Horatio gave blowjobs like a girl, though, better than a girl.

"Did you want something?" Horatio sounds a little guilty. He has a thing of orange juice and a pocket full of Twizzlers.

"Nah." Bush looks straight ahead, and that's the last thing he says to Horatio on that car ride.

...

A week and a half after Thanksgiving, four girls and two mediocre blowjobs later, Bush meets Tem. She is a Delta Gamma Delta, and usually, those aren't his kind of girl, but Tem really isn't not a snobby, and she's not bitchy. She's classy and funny; her sorority nickname is Saucy, and Bush even gets into trouble for her sake: one night, he overstays the house curfew on male guests, and he has to sneak out the window, onto the fire escape. When she agrees to come home with him for Christmas -- he brings her a poinsettia with a little teddy bear wearing a Santa Claus hat, and she throws her arms around him and laughs at him for being so sweet -- Bush is so happy that he sings all the way back to his room.

...

Bush was in the hunting stand with Horatio two days before Thanksgiving, and Horatio had been wearing Bush's old hunting clothes, from back when Bush had his growth spurt, but hadn't yet filled into his shoulders. They hung a little loose on him, but an extra sweater underneath helped, and Horatio brought the newspaper. Bush had, for reading material, some old comics. Superman, mostly. Some Justice League, and eventually, Horatio gives over the newspaper and scootches next to Bush in the stand so that he can read over Bush's shoulder.

"Are you cold?"

Horatio had reached over to turn the page a little, and his fingers were red.

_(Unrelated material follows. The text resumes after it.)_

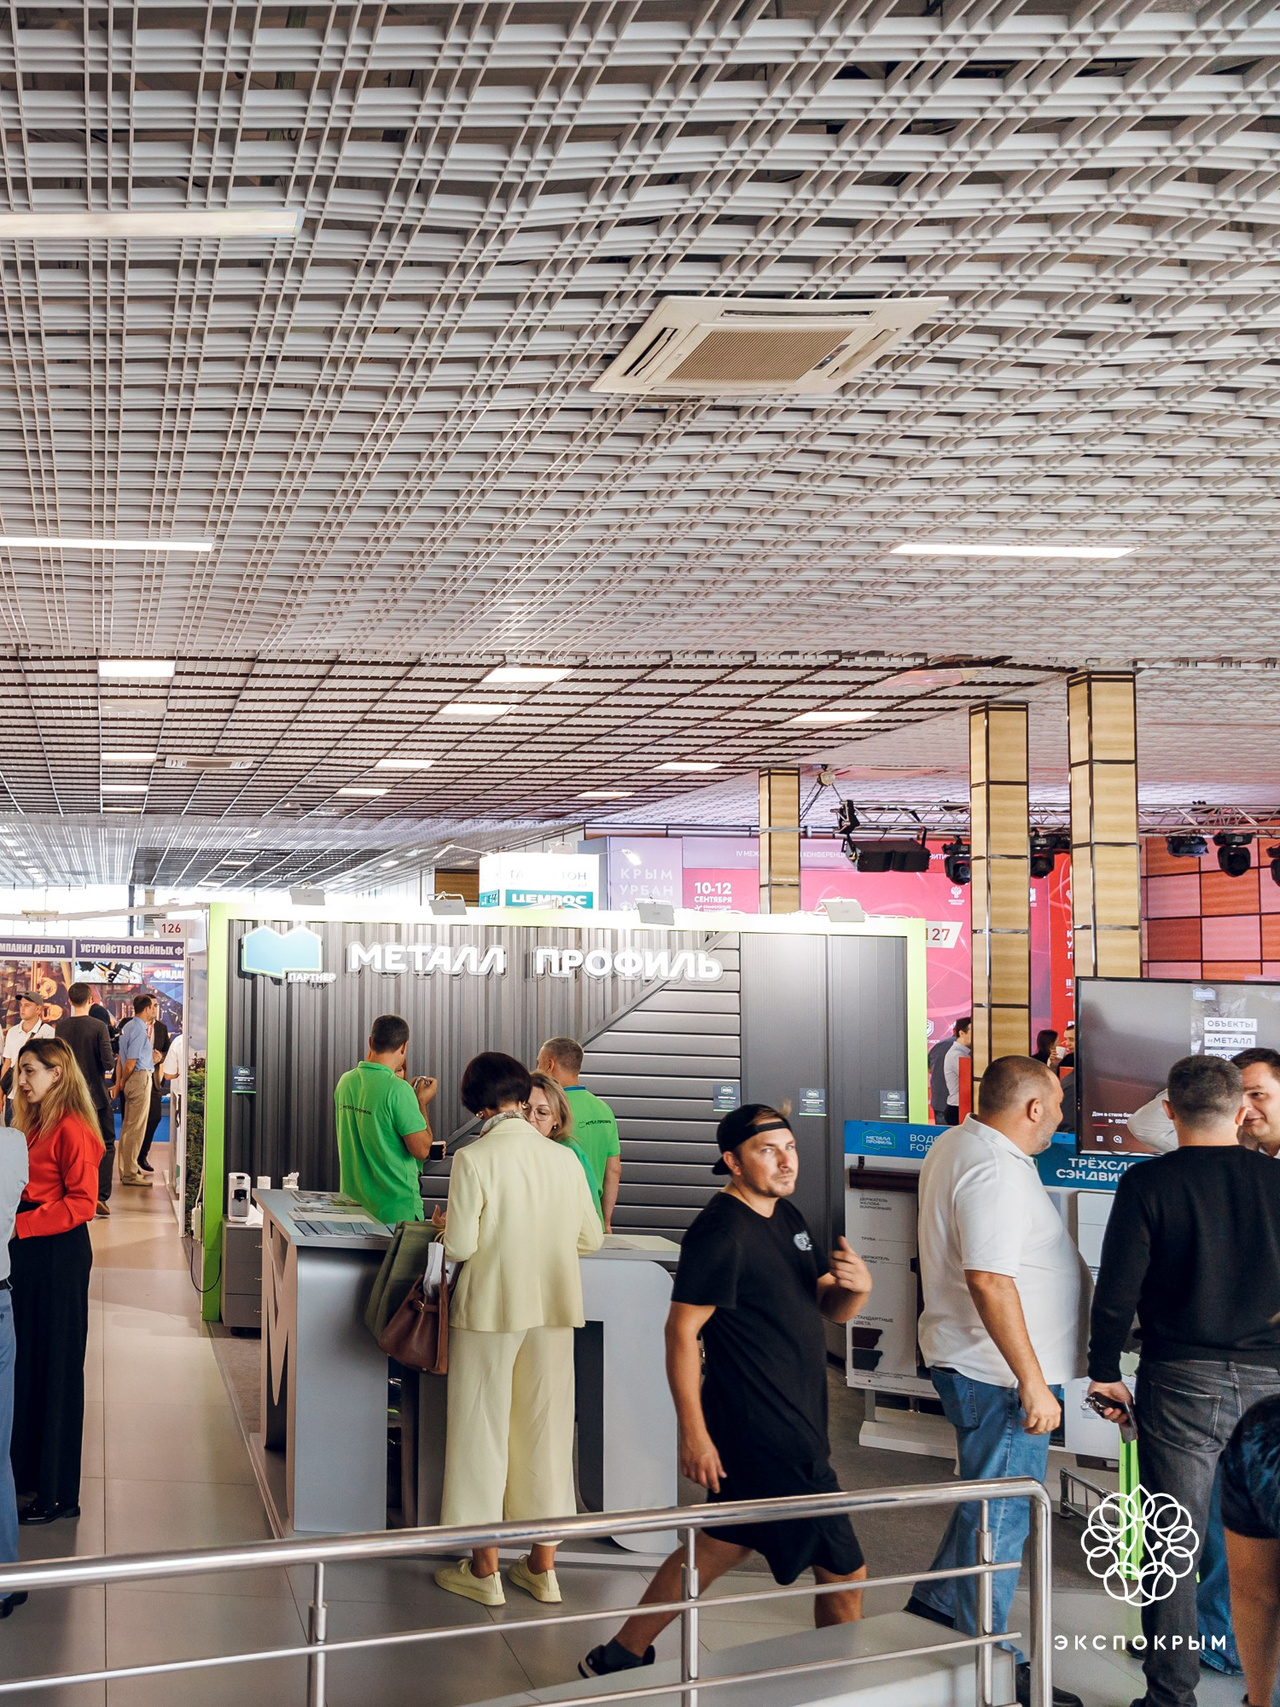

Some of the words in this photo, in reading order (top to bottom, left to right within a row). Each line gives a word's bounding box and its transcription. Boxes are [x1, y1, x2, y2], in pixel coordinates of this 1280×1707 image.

"No, I'm not cold." Horatio said. Bush's breath hung in the air, but Horatio had gotten cold enough so that his didn't, not really. It meant that his mouth and lips had been chilled, and Bush turned his head to look at him.

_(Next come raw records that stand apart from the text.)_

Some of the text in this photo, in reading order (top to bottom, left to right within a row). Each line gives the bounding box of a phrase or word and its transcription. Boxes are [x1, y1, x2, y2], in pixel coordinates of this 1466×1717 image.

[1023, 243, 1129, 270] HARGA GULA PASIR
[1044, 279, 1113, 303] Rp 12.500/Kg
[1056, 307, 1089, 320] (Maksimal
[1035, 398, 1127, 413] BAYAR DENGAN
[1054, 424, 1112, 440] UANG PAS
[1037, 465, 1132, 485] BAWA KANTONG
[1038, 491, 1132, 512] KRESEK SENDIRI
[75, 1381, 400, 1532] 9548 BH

"Do you want coffee? There's hot coffee in a thermos. Or something to eat. Ma made us sandwiches."

Horatio shook his head; he reached over to turn the page, but his fingers were so cold that they wouldn't bend properly, and his hands were shaking, too. Maybe it was the angle that he was reaching over Bush's shoulder.

"You'll tear the page," Bush said, and he settled the comic on his knee. "Here." And he took Hornblower's right hand and held it between his palms. Hornblower put his other hand in the pocket of his coat, and he looked at Bush for a moment -- Bush caught only the tail of it out of his eye, but it was bright and cold, and Horatio's orange hunting hat didn't entirely cover his hair.

...

"You'll love her, Ma."

It's hard not to add, over the phone: I love her.

...

Bush remembers holding Horatio's hand in the hunting stand. Horatio's fingers were cold; his lips were red, and Bush remembered wondering whether they were cold, too.

...

In contrast, there's a bit of a thaw come Chirstmastime: the farm being where it is, there's still plenty of white, but the weather warms. It's rain coming down out of the sky; there are almost patches of green showing on the sides of the road, and Bush puts Top 40 on the radio.

"Do you mind?" he asks her.

Tem shakes her head -- she's bundled up to the ears despite the fact that it's relatively warm, and she grins at him becase she knows how ridiculous she looks with a scarf over her down vest and ear muffs with the heat at full blast, and Bush takes his eyes off the road long enough to look at her. When he does, it's hard not to smile. "I'll keep it down soft," he says. "In case you want to sleep. And tell me if you get hungry or something."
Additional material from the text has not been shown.